Social Appearance And Reality

The opening paragraph of Poul Anderson's "Welcome," IN Anderson, Past Times (New York, 1984), pp. 58-70, informs us that, by traveling five hundred years into the future, Barlow has arrived in the North American Federation of the United World Republics although Barlow himself cannot possibly know that yet.

He has "'...increased [his] rate of existence several millionfold...'" (p. 60) and left the twentieth century "...less than half an hour ago, as far as his conscious mind knew." (p. 61) My rough calculations confirm that there are several million half hours in five centuries. However, surely it would be more accurate to say that he has decreased or slowed down his rate of existence? Speeded up, he would age, die, decay and disappear in an instant. We say that an astronaut undergoing time dilation slows down, not that he speeds up, but sometimes there is conceptual confusion on this issue, most notably in HG Wells' The Time Machine, where the Time Traveler, arriving unaged in 802,701 AD, is said to have accelerated.

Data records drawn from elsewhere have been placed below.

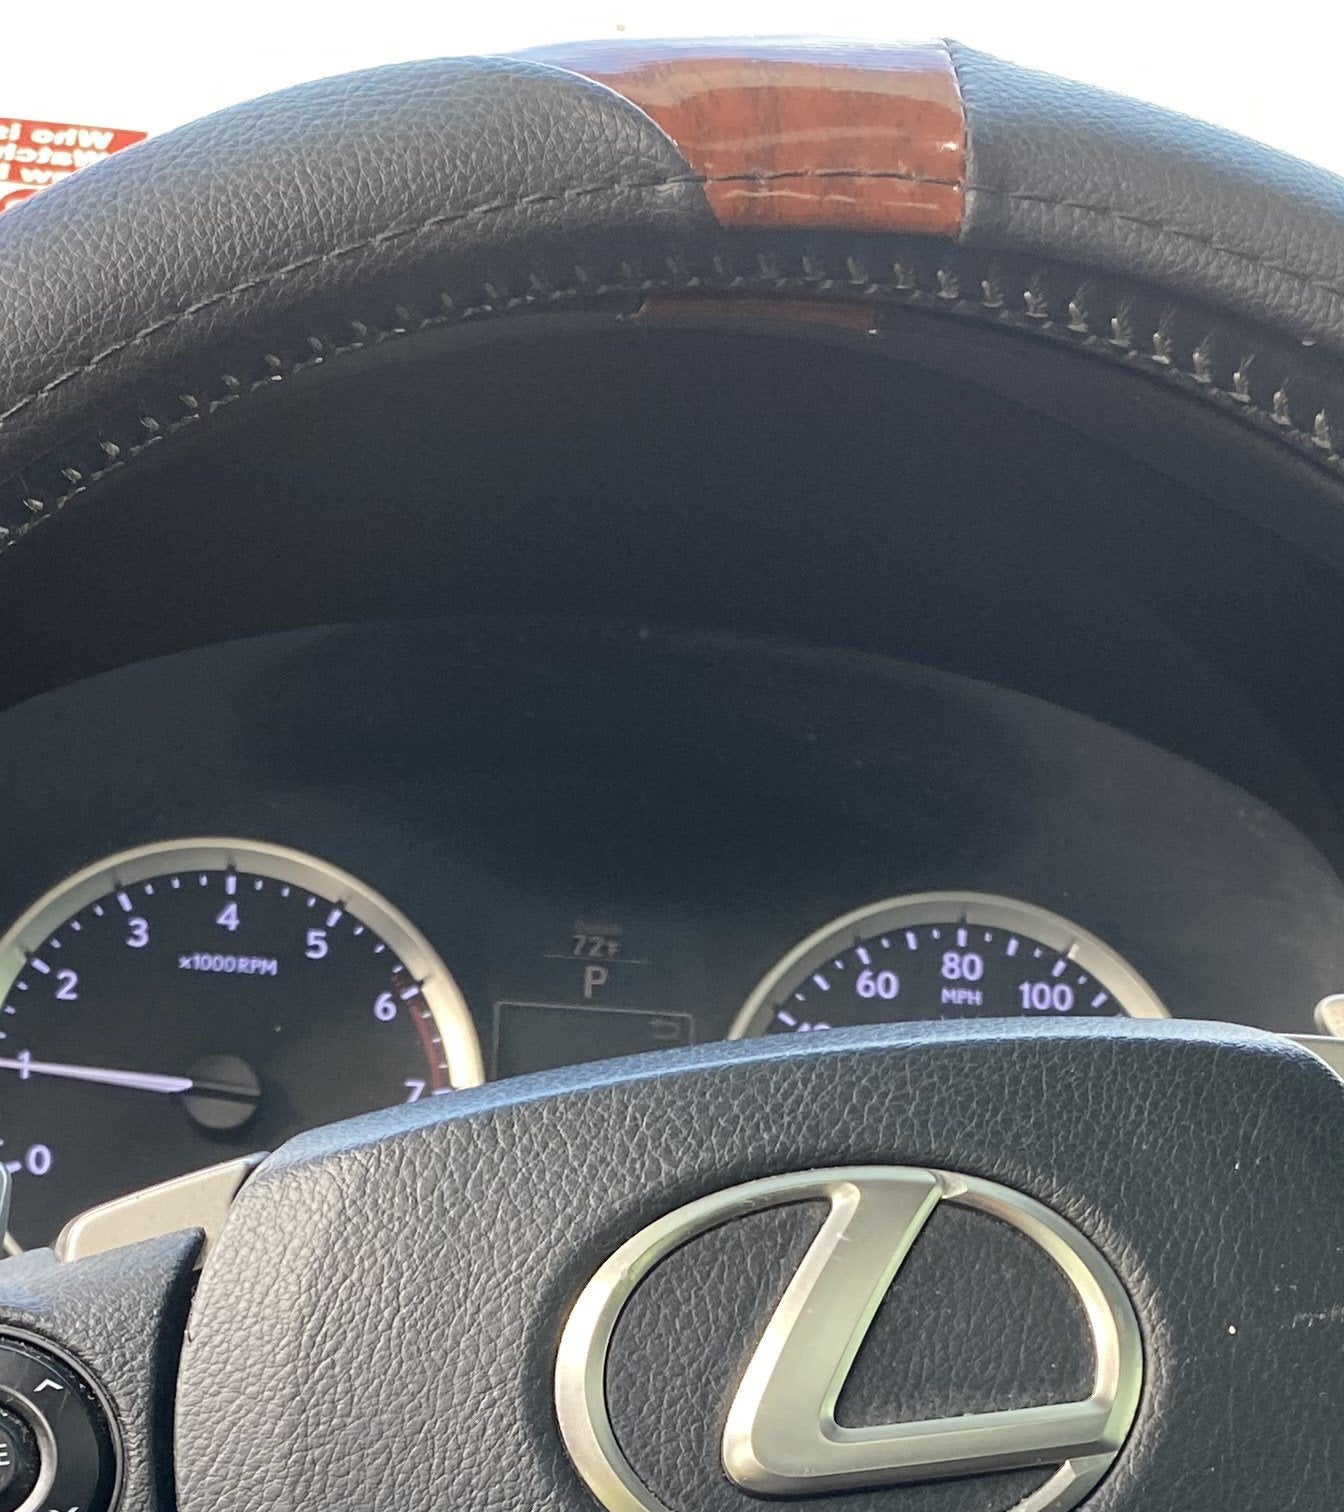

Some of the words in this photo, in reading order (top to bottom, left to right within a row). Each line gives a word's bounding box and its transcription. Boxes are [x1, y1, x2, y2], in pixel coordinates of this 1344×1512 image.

[216, 902, 240, 931] 4
[126, 917, 150, 949] 3
[305, 929, 328, 960] 5
[941, 951, 984, 982] 80
[55, 969, 79, 1001] 2
[584, 965, 609, 999] P
[856, 971, 899, 1000] 60
[1019, 982, 1074, 1012] 100
[373, 992, 397, 1022] 6
[941, 988, 983, 1007] MPH
[404, 1079, 427, 1102] 7
[25, 1144, 51, 1176] 0
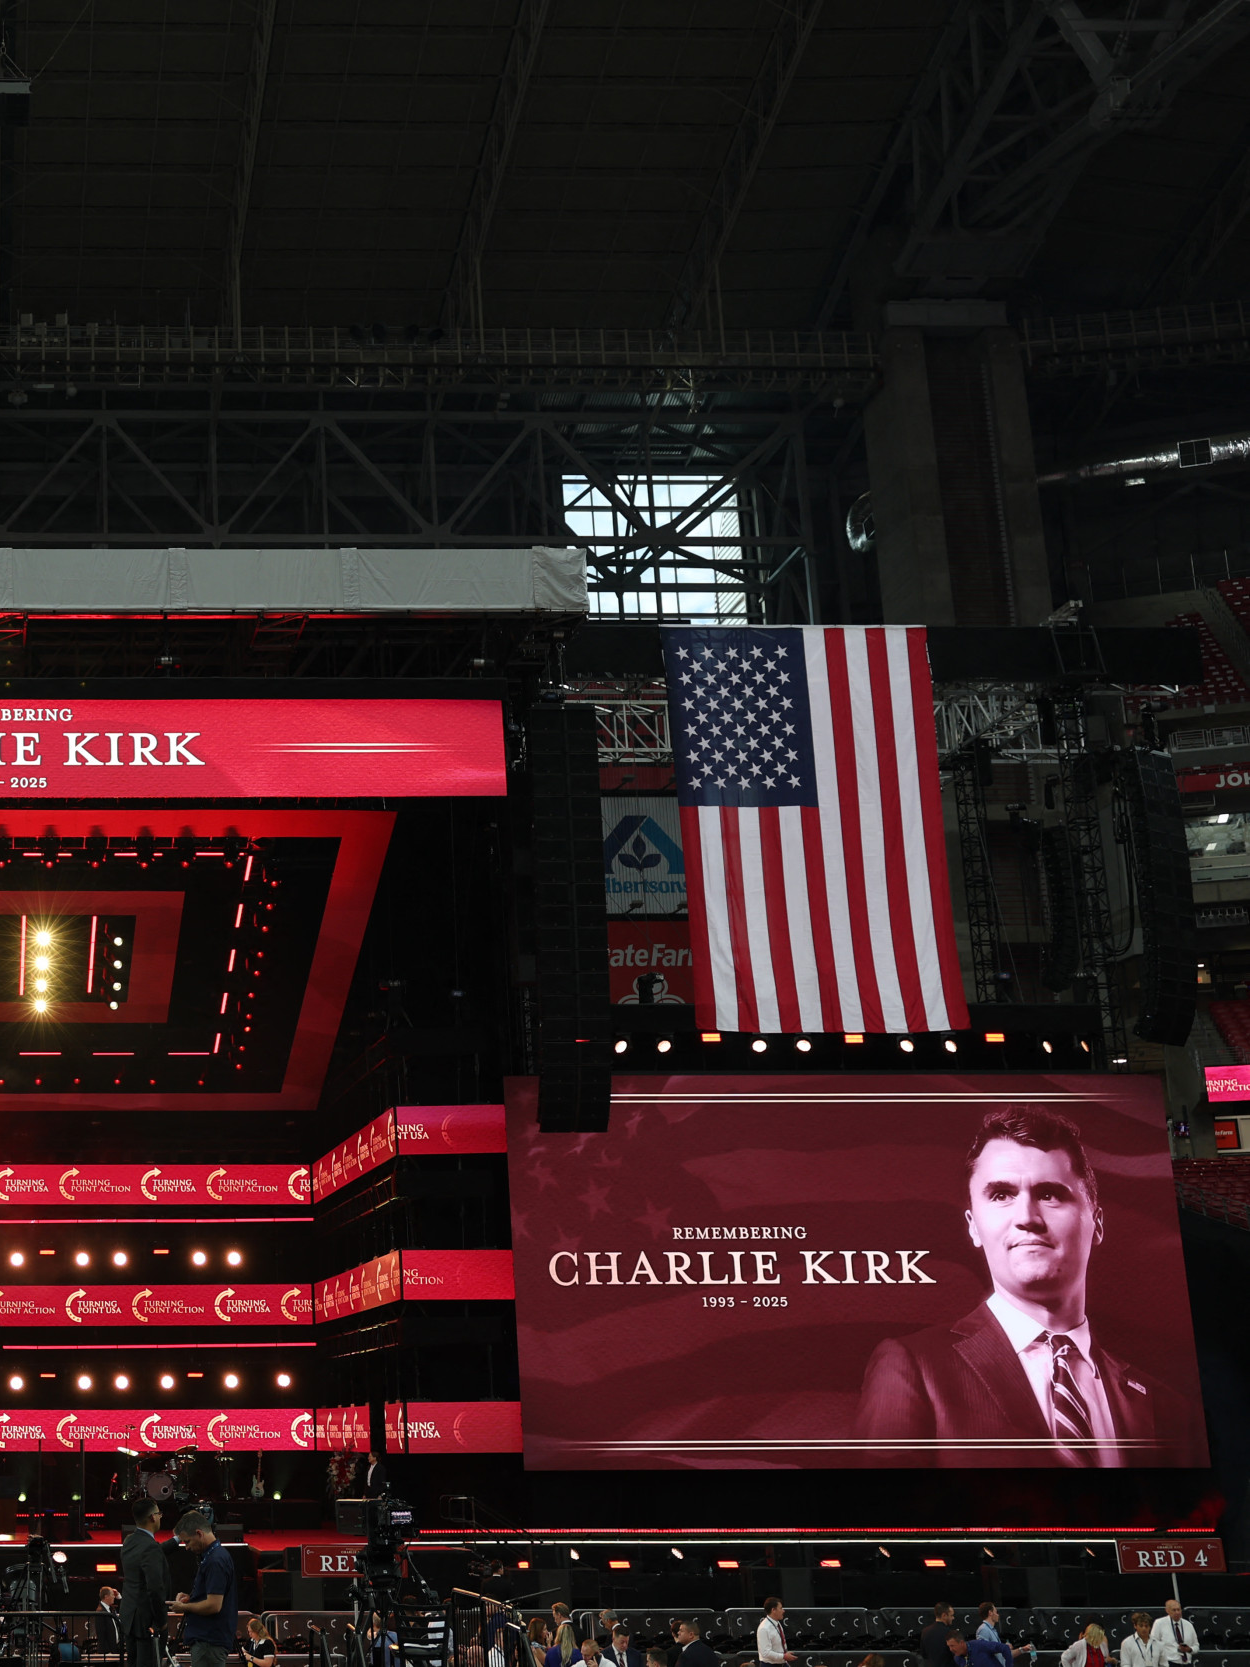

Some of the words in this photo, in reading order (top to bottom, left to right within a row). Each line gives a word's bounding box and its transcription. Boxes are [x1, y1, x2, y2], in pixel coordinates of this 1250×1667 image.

[62, 731, 206, 766] KIRK
[10, 777, 48, 788] 2025
[605, 877, 687, 894] lbertson
[608, 943, 693, 967] ateFar
[1206, 1079, 1238, 1087] RNING
[397, 1124, 424, 1132] NING
[410, 1131, 429, 1140] USA
[672, 1226, 807, 1240] REMEMBERING
[549, 1251, 781, 1287] CHARLIE
[799, 1250, 937, 1285] KIRK
[405, 1276, 444, 1285] ACTION
[702, 1296, 735, 1308] 1993
[752, 1296, 788, 1308] 2025
[226, 1305, 254, 1313] POINT
[254, 1305, 271, 1313] USA
[407, 1422, 435, 1430] NING
[152, 1431, 180, 1439] POINT
[180, 1431, 197, 1439] USA
[420, 1429, 441, 1438] USA
[1135, 1550, 1185, 1568] RED
[1194, 1549, 1208, 1567] 4

However, Barlow's chronokinesis is merely a vehicle or literary device to address the issue of the difference between appearance and reality in social systems. We are familiar with this difference in physical systems. If reality were simply identical with appearance, then the Sun would go round the Earth because it appears to do so. However, I think that it is wrong to overemphasize the difference or to infer that appearance is experienced whereas reality is merely inferred. Rather, we experience reality and our experience of it is its appearance to us. But experience or appearance must be interpreted.

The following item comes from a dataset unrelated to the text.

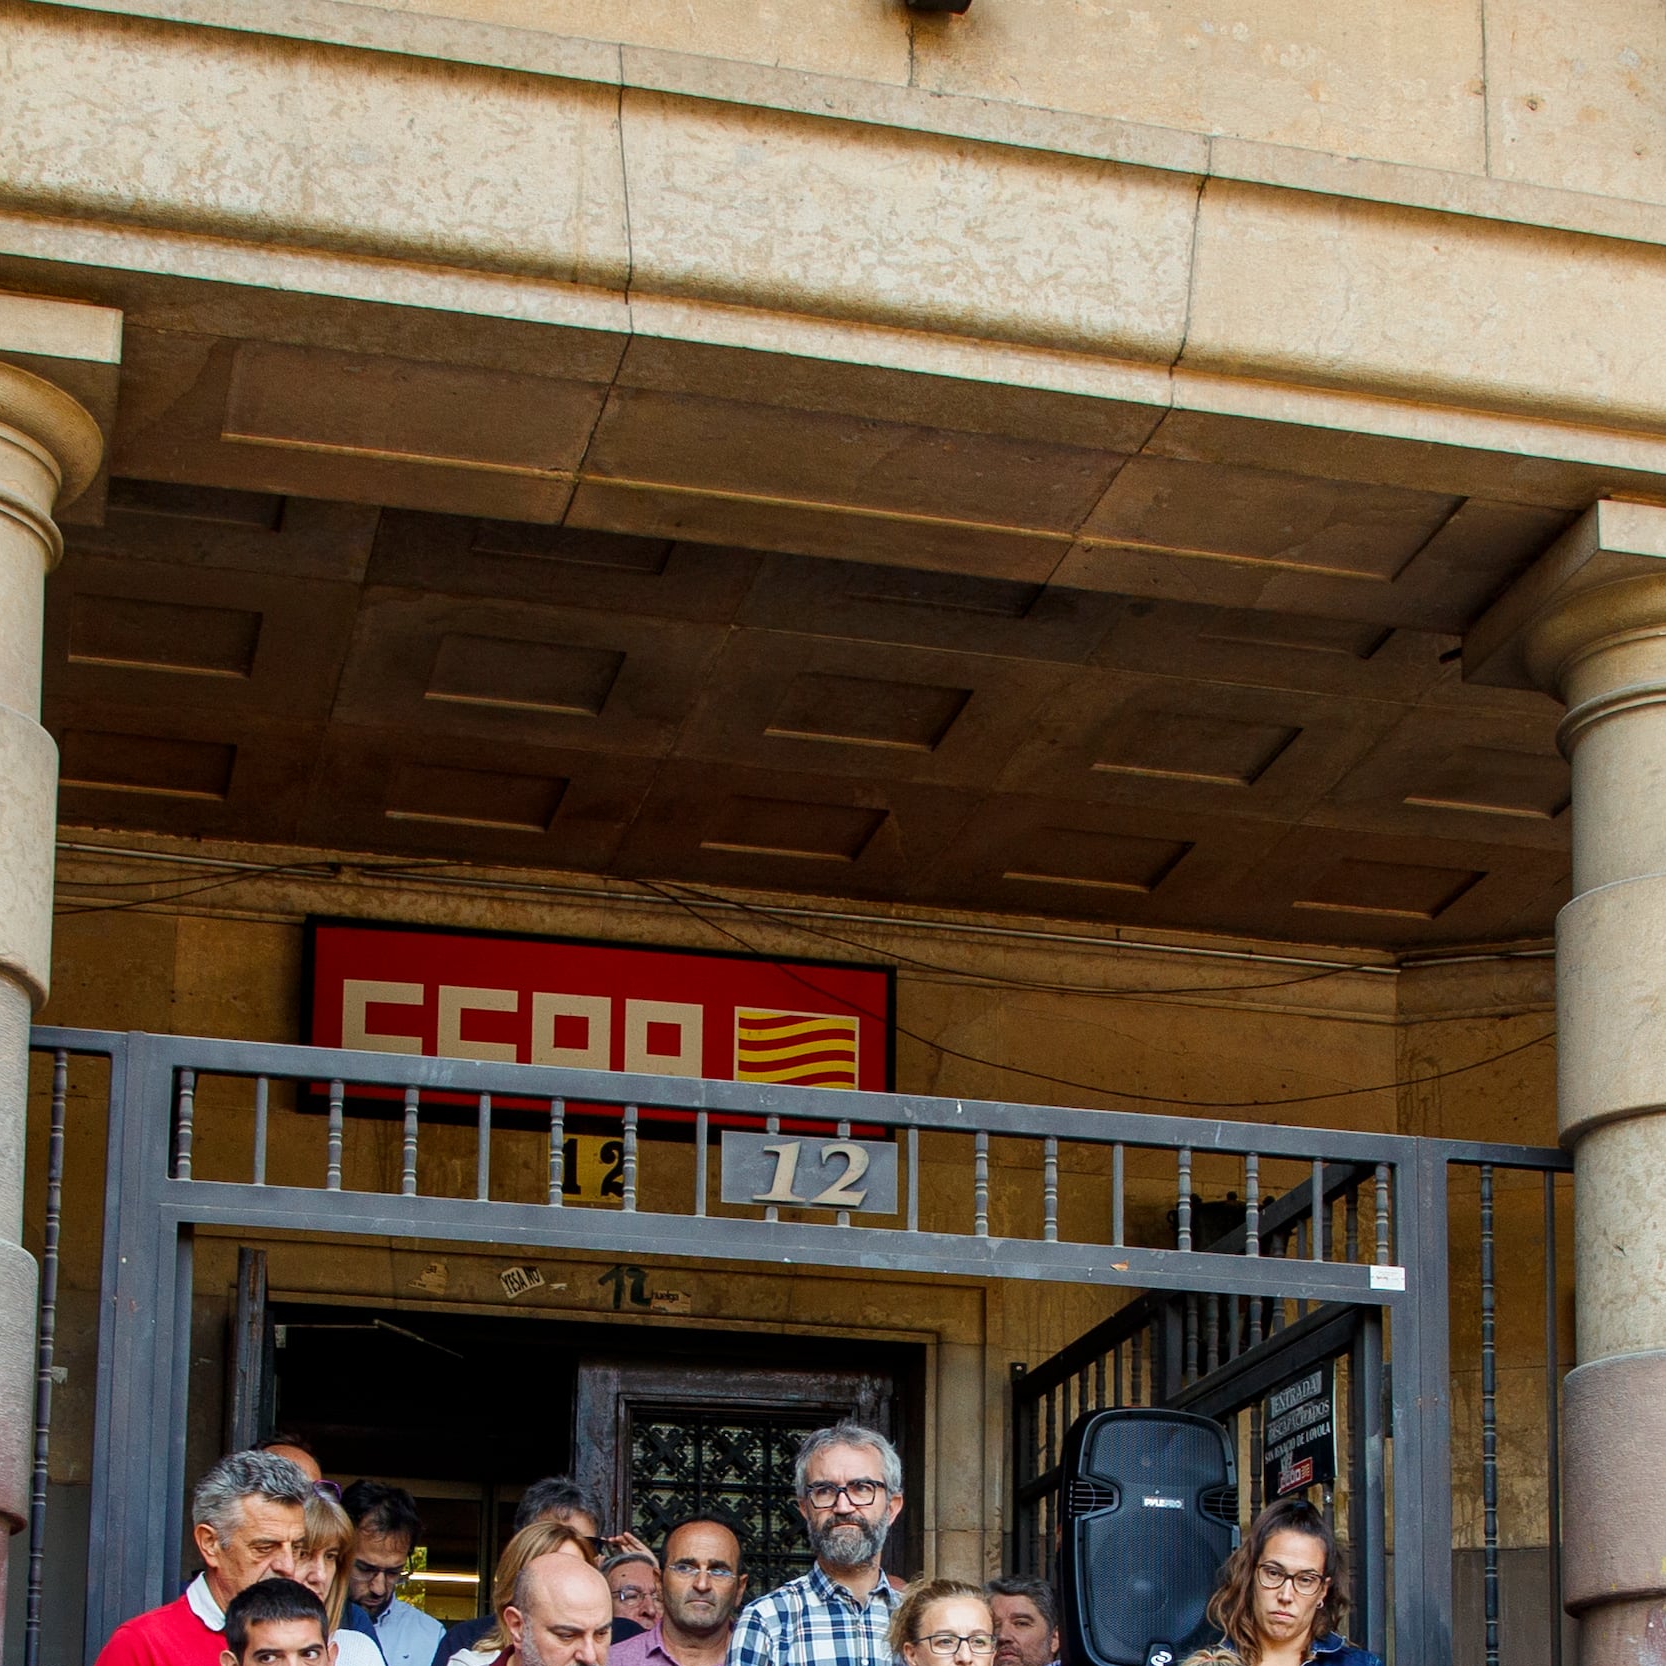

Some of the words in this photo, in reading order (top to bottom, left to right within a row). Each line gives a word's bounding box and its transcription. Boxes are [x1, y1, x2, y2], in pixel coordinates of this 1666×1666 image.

[342, 978, 704, 1078] CCOO
[562, 1138, 625, 1197] 12
[752, 1141, 870, 1207] 12
[1274, 1373, 1320, 1413] ENTRADA

Once, walking between buildings at a place of work, I glanced behind me, saw a colleague lying on his back on the ground and instantly interpreted what, on reflection, was a rather unusual sight. Because George was lying near a parked car with one arm flung out towards the car, I thought that he had dropped a coin or other small object which had rolled under the car and that he was reaching underneath to retrieve it. I soon learned that, if I had glanced back a moment earlier, I would have seen George's companion, Chris, lay him on his back with a blow to the jaw.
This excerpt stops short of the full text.